By Liz Moyer
Investing.com -- Teladoc got a boost during the pandemic when people were doing most everything online, including seeing the doctor.
But increasing competition is creating a crowded field. Guggenheim analysts cut their rating of Teladoc Inc (NYSE:TDOC) to sell from neutral with a price target of $25, saying adjusted earnings and revenue growth would be pressured by its exposure to the consumer segment, which contributes 40% of sales.
Not all analysts agree. Just last week, D.A. Davidson started covering Teladoc with a buy rating and price target of $45, saying the company had “established itself” as a leader in telehealth.
Shares of Teladoc fell 8% on Wednesday and are down about 61% for the year.
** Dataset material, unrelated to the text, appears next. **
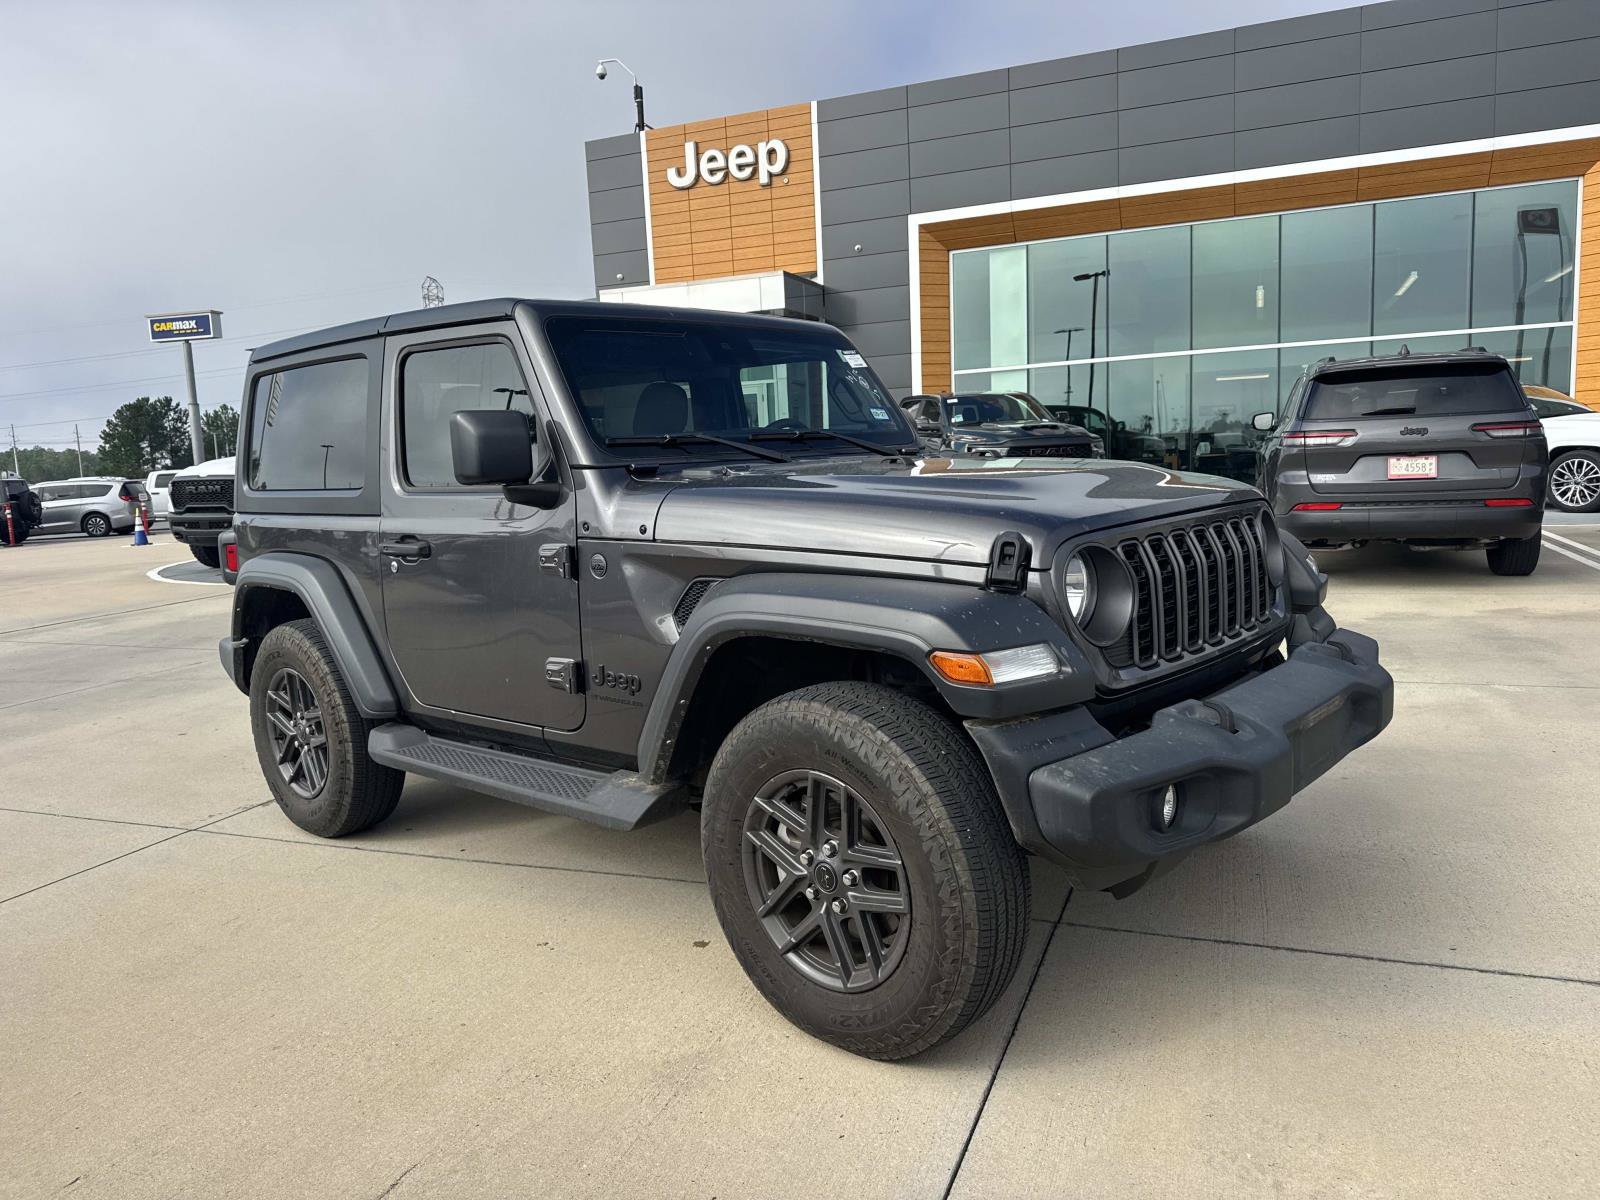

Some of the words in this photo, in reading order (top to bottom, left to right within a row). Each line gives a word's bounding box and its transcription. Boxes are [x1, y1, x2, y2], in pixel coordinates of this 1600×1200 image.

Several larger competitors are casting a shadow over the primary care market. Amazon.com Inc (NASDAQ:AMZN) has a $4 billion deal to acquire One Medical, a primary care operator that offers telehealth.
CVS Health Corp (NYSE:CVS) also wants to move into primary care, once thought to be a suitor for One Medical and now thought to be looking to buy Signify Health Inc (NYSE:SGFY).
Walmart Inc (NYSE:WMT) operates nearly two-dozen health centers in its stores, including primary care. And rival Walgreens Boots Alliance Inc (NASDAQ:WBA) put $5 billion into primary care operator VillageMD in a deal last year.
There are also American Well Corp (NYSE:AMWL) and MDLive operating in the telehealth space. AmWell this month was chosen by CVS to operate its virtual primary care offering.
Shares of AmWell are down 22% this year.